Non troppo di rado, infatti, capita che una coppia in crisi scelga di rimandare il momento della separazione perché i due partner non possono permettersi di affrontare le spese che la fine di un matrimonio comporta; così alla delusione e alla frustrazione di una storia d’amore che finisce, si sommano anche il disagio o il fastidio di dover continuare con una convivenza ed una scelta di vita che non ci appartengono più. In particolare, ciò costituisce una strada senza uscita per le donne non lavoratrici che dipendono economicamente dal marito e non possono permettersi, da sole, di pagare il proprio legale.

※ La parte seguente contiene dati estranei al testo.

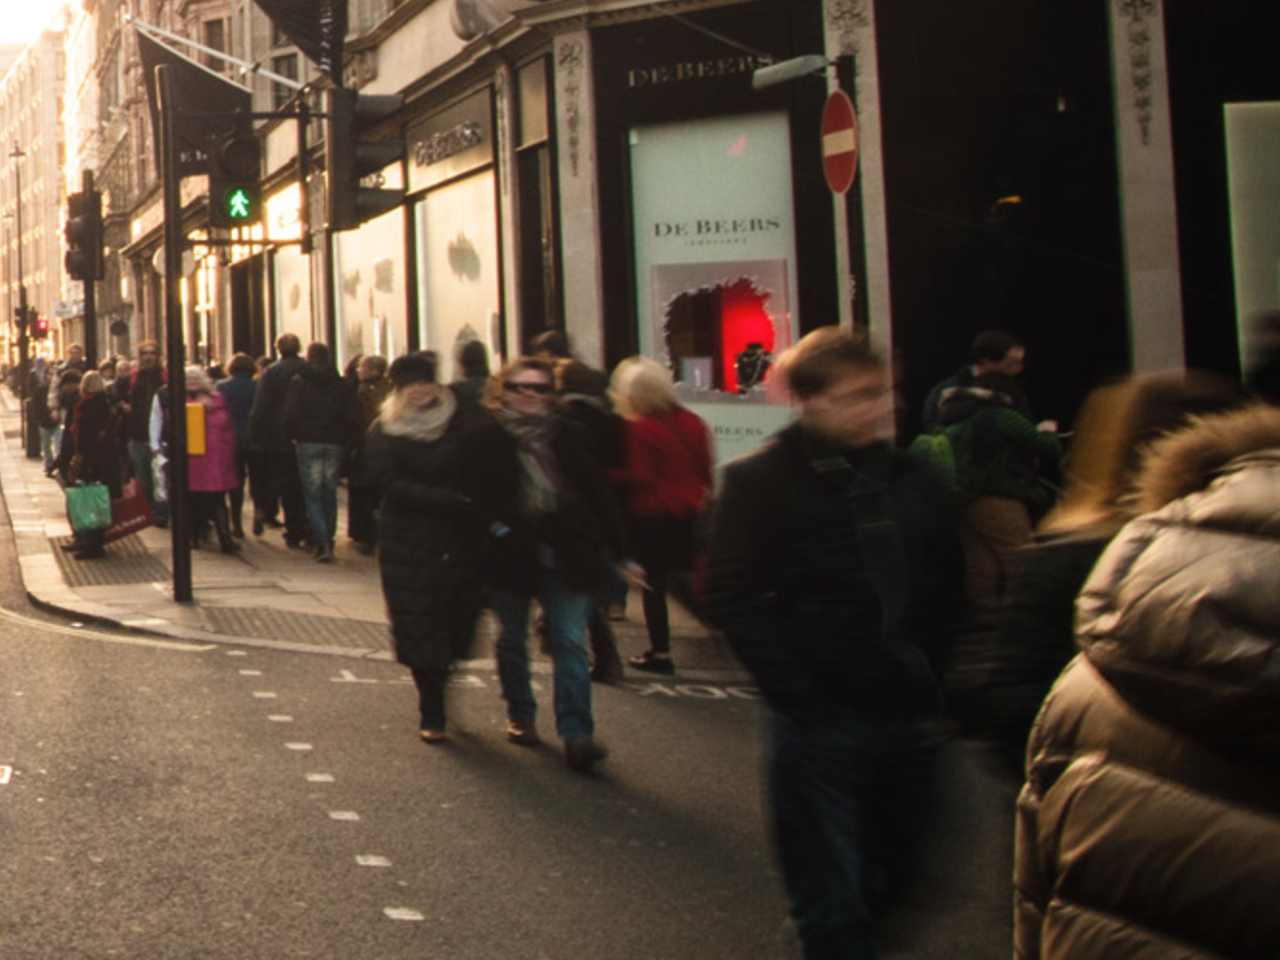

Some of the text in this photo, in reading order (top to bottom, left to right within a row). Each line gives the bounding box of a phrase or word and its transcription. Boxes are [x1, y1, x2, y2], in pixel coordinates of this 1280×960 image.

[628, 66, 668, 87] DE
[655, 219, 781, 237] DE BEERS

Per far fronte a tali situazioni, lo Stato prevede (per ogni tipo di procedimento legale, non solo separazioni e/o divorzi), l’Istituto del Gratuito Patrocinio; in pratica, l’avvocato al quale ci si rivolge verrà pagato dallo Stato, seppure dopo alcuni anni, e quindi sul cliente non grava alcuna spesa. Per ottenere tale esenzione, ci si deve rivolgere all’ufficio del Gratuito Patrocinio presso l’Ordine degli Avvocati del Tribunale competente per il caso in questione e bisogna presentare una dichiarazione dei redditi da cui risulti che il reddito familiare annuo non supera gli undicimila euro. Nel caso in cui si tratti di una controversia afferente al diritto di famiglia (quindi anche nel caso di separazioni e divorzi), si fa però riferimento al reddito individuale: questo perché può capitare che delle donne non lavoratrici abbiano intenzione di separarsi ma se il marito non è d’accordo può in qualche modo impedirlo rifiutandosi di pagare le spese dell’avvocato della moglie; se si considerasse il reddito familiare anche in questi casi, il reddito del marito impedirebbe alla partner di accedere al servizio del Gratuito Patrocinio, costringendola in un matrimonio in cui ormai non crede più.

Alcuni Ordini degli Avvocati (ne esiste uno per ogni Corte d’Appello)accettano un’autocertificazione sul reddito, ma bisogna ricordarsi che indicare il falso costituisce un reato.